Mario Pirondini's 1950 Ford
1950 Ford restyled by Cleary Motors for Mario Pirondini of Santa Rosa, California. Mario was a member of the Santa Rosa Street Angels Car Club. The car was also known as The Amber Glow.
Cleary Motors chopped the top 4 inches in front and 6 inches in the rear. They also lowered the car an additional 6 inches by channeling the body over the frame. Up front the fenders were extended 4 inches in order to form headlight hoods. The edges of the hood were rounded off using 1/2 inch round rods. According to Custom Cars March 1958 the headlight rings were frenched 1955 Chevrolet units. In the National Roadster Show 1958 Program the headlights are described as being 1956 Chevrolet headlights. The hood was shaved, louvered, and extended 4 inches toward the grille cavity. The grille cavity was hand formed from copper tubing. The grille bar was a lengthened 1957 Chevrolet pickup grille that was backed up with expanded metal. The gravel pan was frenched to the fenders. The stock front bumper was kept, but Mario had it smoothed by filling the bolt holes. 1956 Buick taillight lenses were recessed into the lengthened fender sections, giving the car a tunneled effect. The stock rear bumper was replaced by a 1956 Pontiac bumper and the frenched gravel pan was extended 5 inches to match the contour of the Pontiac bumper. The car was fit with shortened 1957 Pontiac side trim. Door handles were removed, and trunk and doors were push button operated. The Pontiac spear was painted Gold, and the rest of the car was painted in a 1957 Oldsmobile Red color. Flames were painted at the end of the Pontiac side trim. Baldwin pinstriped the car. in white
The car was lowered by reversing the spindles in the front. The frame was C'd in the rear and lowering blocks were added. 1956 Oldsmobile flippers were used on the wheels.

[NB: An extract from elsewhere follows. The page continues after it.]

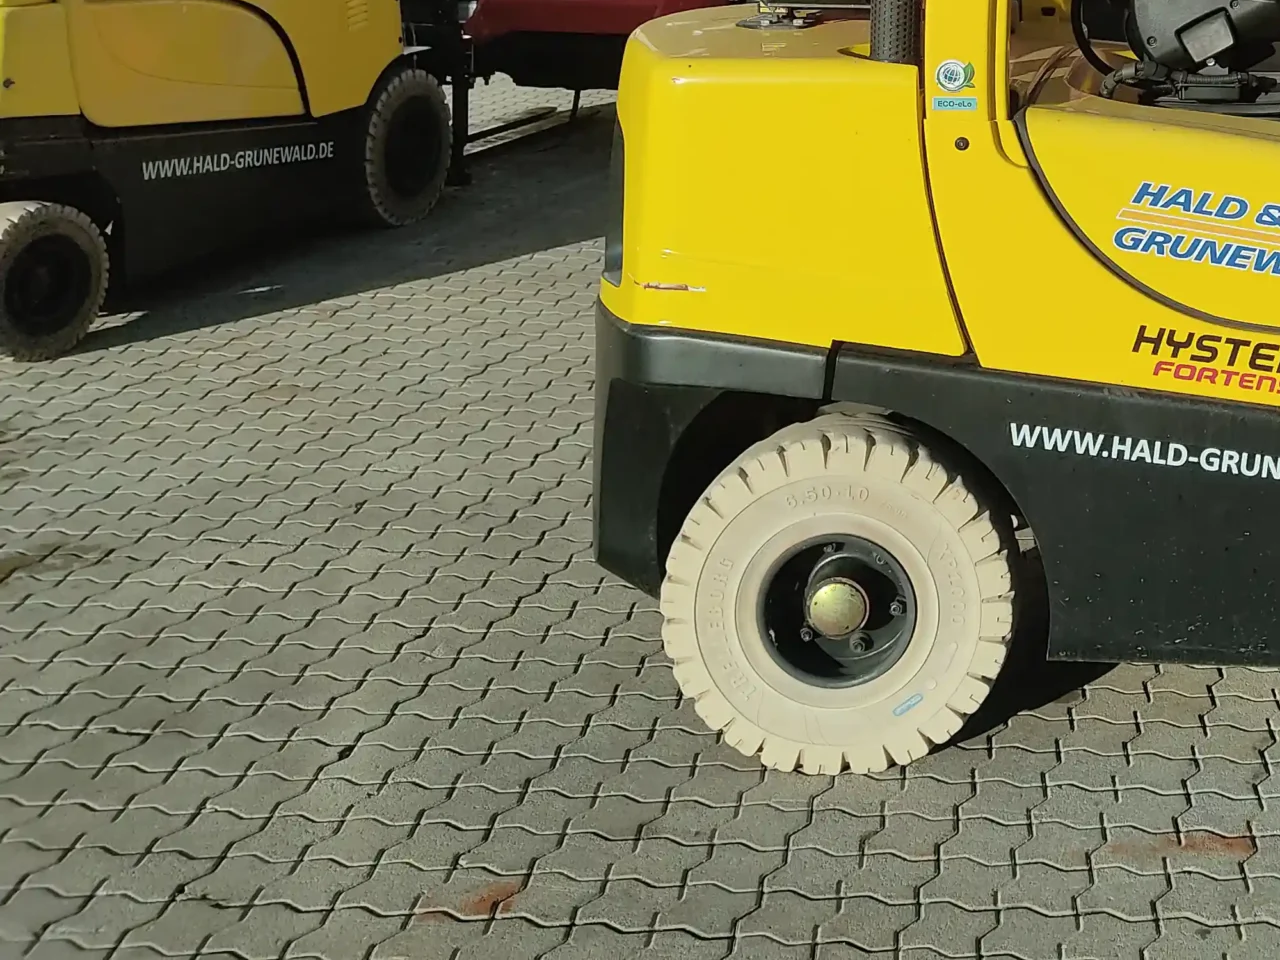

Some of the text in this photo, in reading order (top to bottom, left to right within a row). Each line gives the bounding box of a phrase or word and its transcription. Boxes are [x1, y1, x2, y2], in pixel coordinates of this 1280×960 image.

[937, 100, 973, 108] ECO-eLo
[142, 141, 335, 181] WWW.HALD-GRUNEWALD.DE
[1130, 181, 1249, 220] HALD
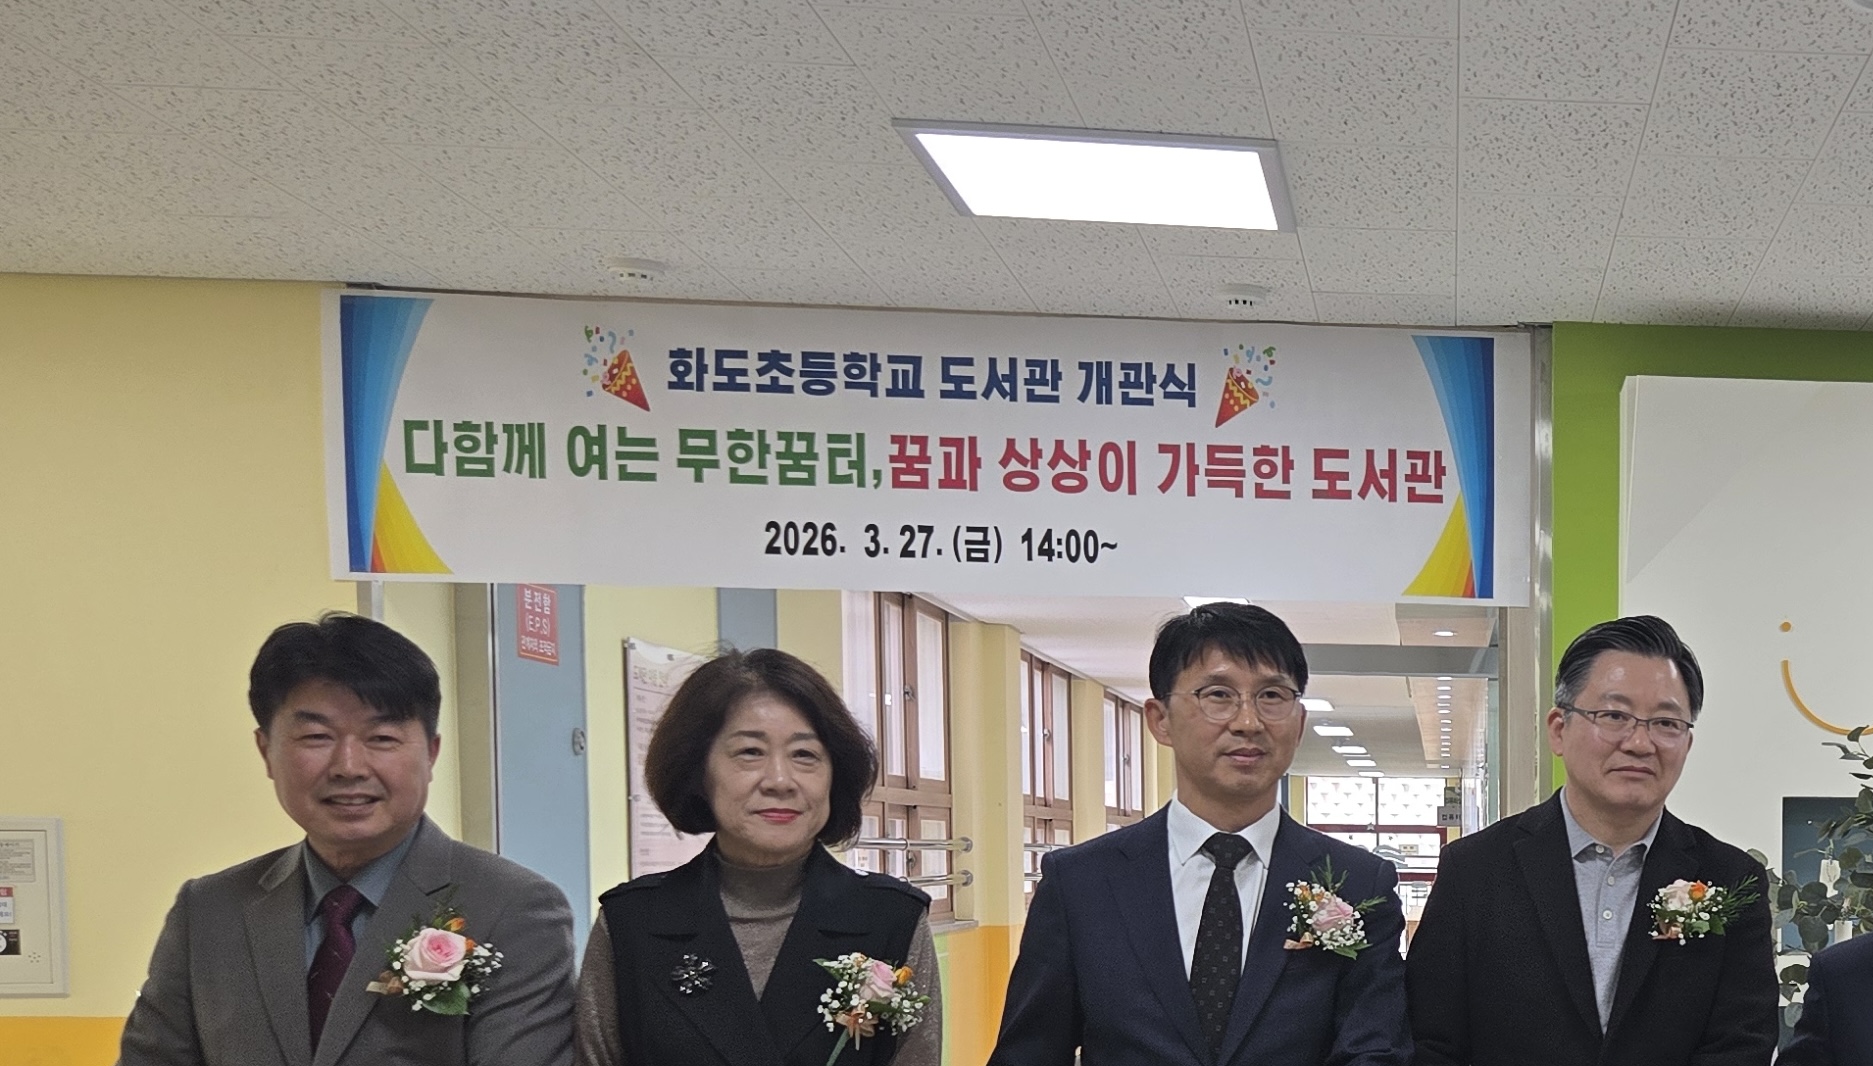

Under the hood, the car was powered by a 1956 Pontiac OHV engine. Power was run through a 1939 Ford floor shift with lincoln gears. Mario performed the engine swap himself.
Inside the car was upholstered by Smith's Upholstery Shop in Santa Rosa. The interior was done in rolled and pleated black Naugahyde with white trim. The seats had to be dropped 4 inches due to the radically chopped top. The steering wheel was borrowed from a 1956 Ford.
In 1958 the car was shown at the ninth annual National Roadster Show in Oakland, California. The car was entered in the Full Custom Sedans class and it came in second place behind Duane Steck's 1954 Chevrolet Sport Coupe - The Moonglow.